Maybe, but I think the way these bits have come to be SOP on a lot of the "news" channels is just another part of the problem. Almost every time there is some political "news" being presented, there are representatives from both sides there to spin things to the favor of their candidate or the side their party has staked out. But the only reason we see this is so the particular channel doesn't get accused of bias. God forbid we report and discuss what Trump or Clinton say without a Clinton or Trump surrogate their to defend them. It's phony, pandering and rarely brings clarity to the subjects that are discussed.
I don't know just when we started seeing the opposition party response to the president's state of the union address televised, but it's the same concept. It feeds the whole "us against them" mentality that has poisoned politics in this country. This concept is even followed in years when a brand new president makes a speech to a joint session of congress that is not officially a State Of The Union address. God forbid we can listen to a president, the one elected official in nation who theoretically represents EVERY American, without feeling the need to then immediately listen to someone say something else. A person of one party makes a statement and someone from another party gets to disagree with it and tell us why they think its a lie. It doesn't further our knowledge or foster cooperation or compromise. It actually does just the opposite.
This was generally not how news was presented for the first 30 or 40 years of TV news. Then CNN came along and unknowingly and unwittingly became the first domino in the downfall of TV news. When Ted Turner decided to start a 24 hour all news channel, it signaled that someone who made a lot of money thought
News could make money. Eventually, very quickly actually, all of the networks decided "we can make money on news too." And the race to the lowest common denominator began. The garbage and endless preaching to the choir messages of MSNBC and FOX News are simply the inevitable by-product of the evolution of TV news. And 99% of the time you walk away from your TV no better informed than you were when you sat down because you already believe whatever it was that Rachel Maddow, Bill O'Reilly or John Stewart just said.

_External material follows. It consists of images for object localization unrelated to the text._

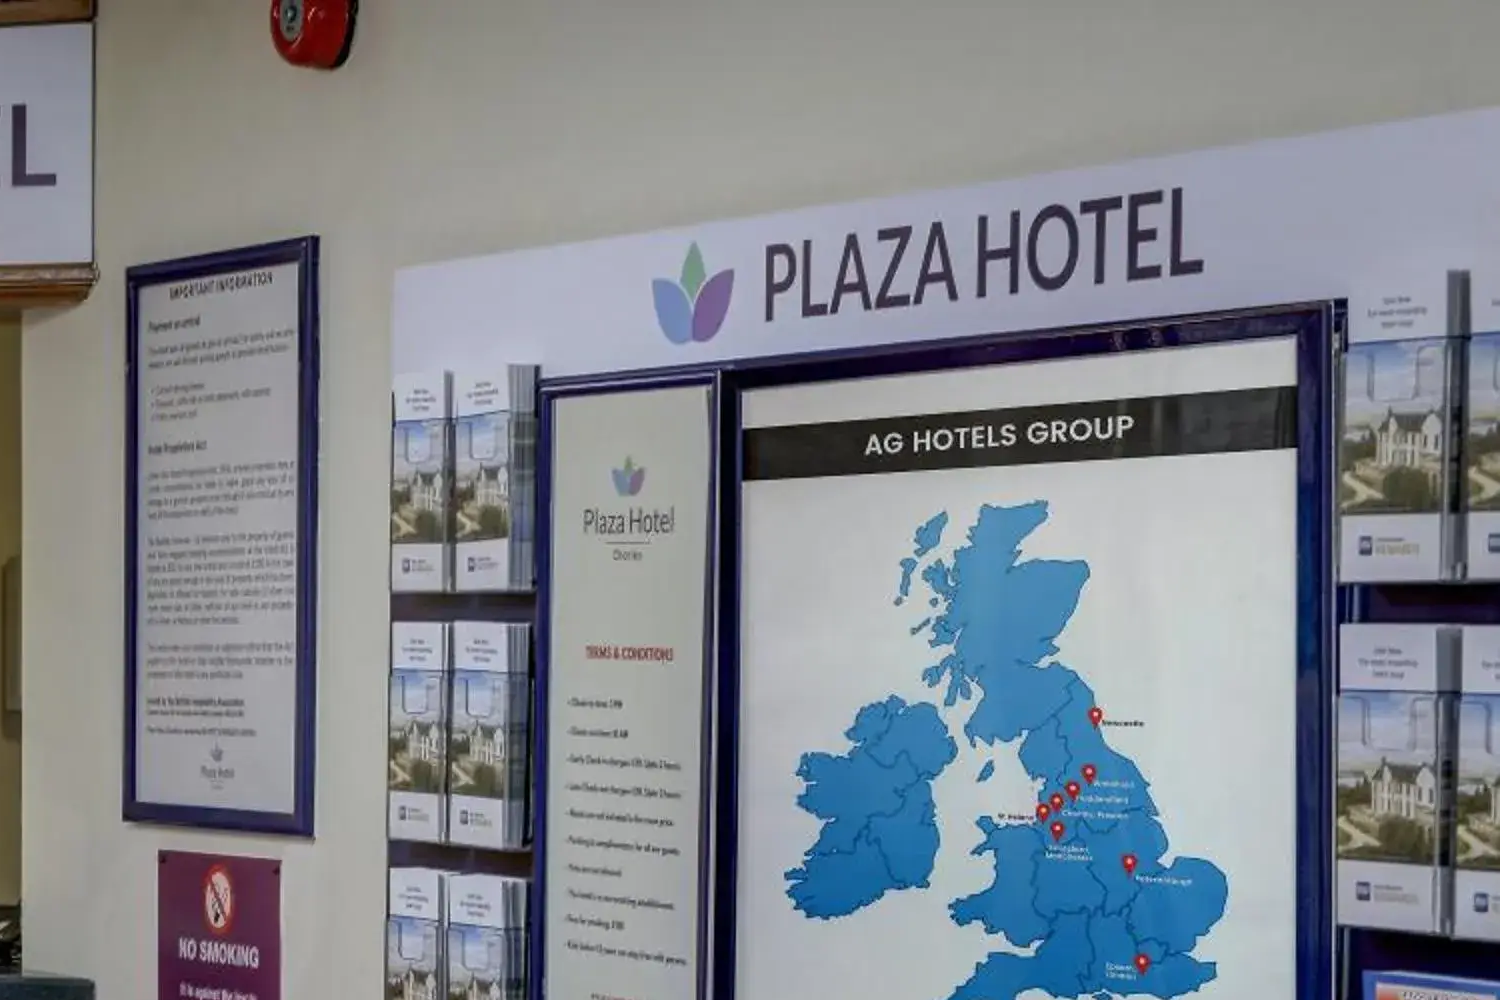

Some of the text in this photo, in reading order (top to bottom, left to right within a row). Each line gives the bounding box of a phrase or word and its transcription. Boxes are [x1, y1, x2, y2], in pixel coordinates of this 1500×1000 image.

[765, 187, 1204, 323] PLAZA HOTEL
[169, 271, 274, 301] IMPORTANT INFORMATION
[864, 414, 1135, 456] AG HOTELS GROUP
[583, 505, 676, 535] Plaza Hotel
[585, 645, 612, 660] TERMS
[620, 645, 674, 661] CONDITIONS
[178, 936, 260, 970] NO SMOKING

Imagine if you will the Watergate scandal taking place in 2016 instead of 1972. Nixon was re-elected in 1972 with 2/3rds of the popular vote and when he was inaugurated for his second term his approval rating was 70%. In the weeks following the Saturday Night Massacre (just 9 months later) his approval rating had dropped to 25% and more Americans thought he should be removed from office than approved of his performance. I don't see this happening today because today everyone makes up their mind and then goes to FOX or MSNBC and gets their daily dose of confirmation. Maybe a few of the 2/3rds who voted for Nixon would come to regret that vote, or maybe a few of the 70% who approved of him would have seen a change in their opinion. But most people would simply be tuning in day after day to their go-to channels and dig themselves deeper and deeper into their opinion. Thankfully the most corrupt and criminal administration during the lifetime of anyone who is alive today happened when most Americans knew how to consume news and responsibly did so.